### EXERCISE INSTRUCTIONS
Every line of the material is to be transcribed verbatim, with images omitted.

### DATA FOR THIS EXERCISE
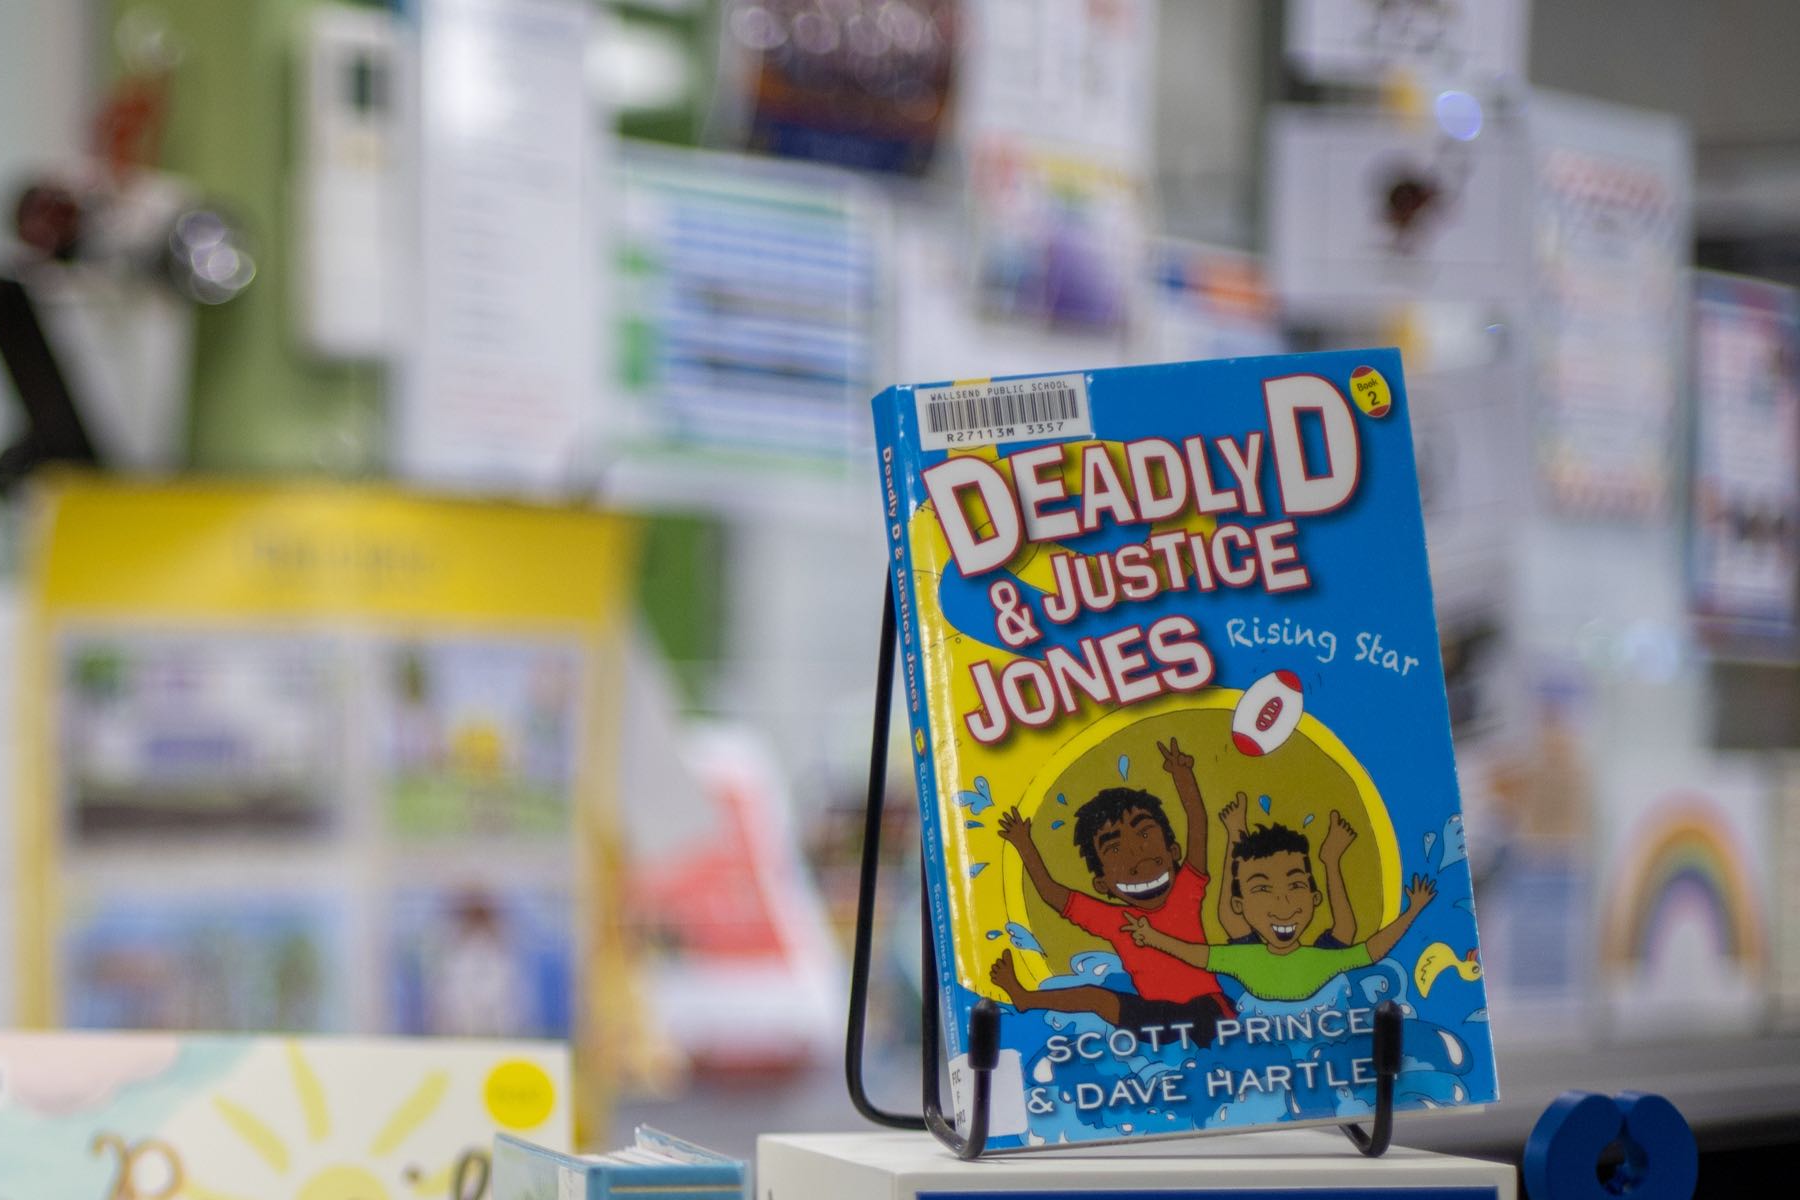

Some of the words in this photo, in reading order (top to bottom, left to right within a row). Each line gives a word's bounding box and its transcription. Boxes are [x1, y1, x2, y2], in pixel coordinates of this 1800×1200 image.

[930, 389, 981, 401] WALLSEND
[988, 384, 1025, 395] PUBLIC
[1031, 381, 1069, 392] SCHOOL
[1357, 378, 1378, 392] Book
[1368, 391, 1380, 406] 2
[946, 427, 1015, 442] R27113M
[1026, 422, 1064, 435] 3357
[881, 446, 898, 518] Deadly
[921, 430, 1264, 580] DEADLY
[1261, 373, 1362, 518] D
[892, 524, 903, 541] D
[894, 546, 905, 560] &
[896, 566, 914, 646] Justice
[988, 578, 1043, 650] &
[1043, 519, 1313, 626] JUSTICE
[1225, 617, 1338, 662] Rising
[1354, 632, 1420, 676] Star
[905, 651, 921, 713] Jones
[963, 613, 1218, 747] JONES
[1046, 1021, 1196, 1066] SCOTT
[1216, 1007, 1377, 1046] PRINCE
[1027, 1086, 1055, 1116] &
[1075, 1075, 1189, 1109] DAVE

### EXPECTED OUTPUT
Some of the words in this photo, in reading order (top to bottom, left to right within a row). Each line gives a word's bounding box and its transcription. Boxes are [x1, y1, x2, y2], in pixel coordinates of this 1800×1200 image.

[930, 389, 981, 401] WALLSEND
[988, 384, 1025, 395] PUBLIC
[1031, 381, 1069, 392] SCHOOL
[1357, 378, 1378, 392] Book
[1368, 391, 1380, 406] 2
[946, 427, 1015, 442] R27113M
[1026, 422, 1064, 435] 3357
[881, 446, 898, 518] Deadly
[921, 430, 1264, 580] DEADLY
[1261, 373, 1362, 518] D
[892, 524, 903, 541] D
[894, 546, 905, 560] &
[896, 566, 914, 646] Justice
[988, 578, 1043, 650] &
[1043, 519, 1313, 626] JUSTICE
[1225, 617, 1338, 662] Rising
[1354, 632, 1420, 676] Star
[905, 651, 921, 713] Jones
[963, 613, 1218, 747] JONES
[1046, 1021, 1196, 1066] SCOTT
[1216, 1007, 1377, 1046] PRINCE
[1027, 1086, 1055, 1116] &
[1075, 1075, 1189, 1109] DAVE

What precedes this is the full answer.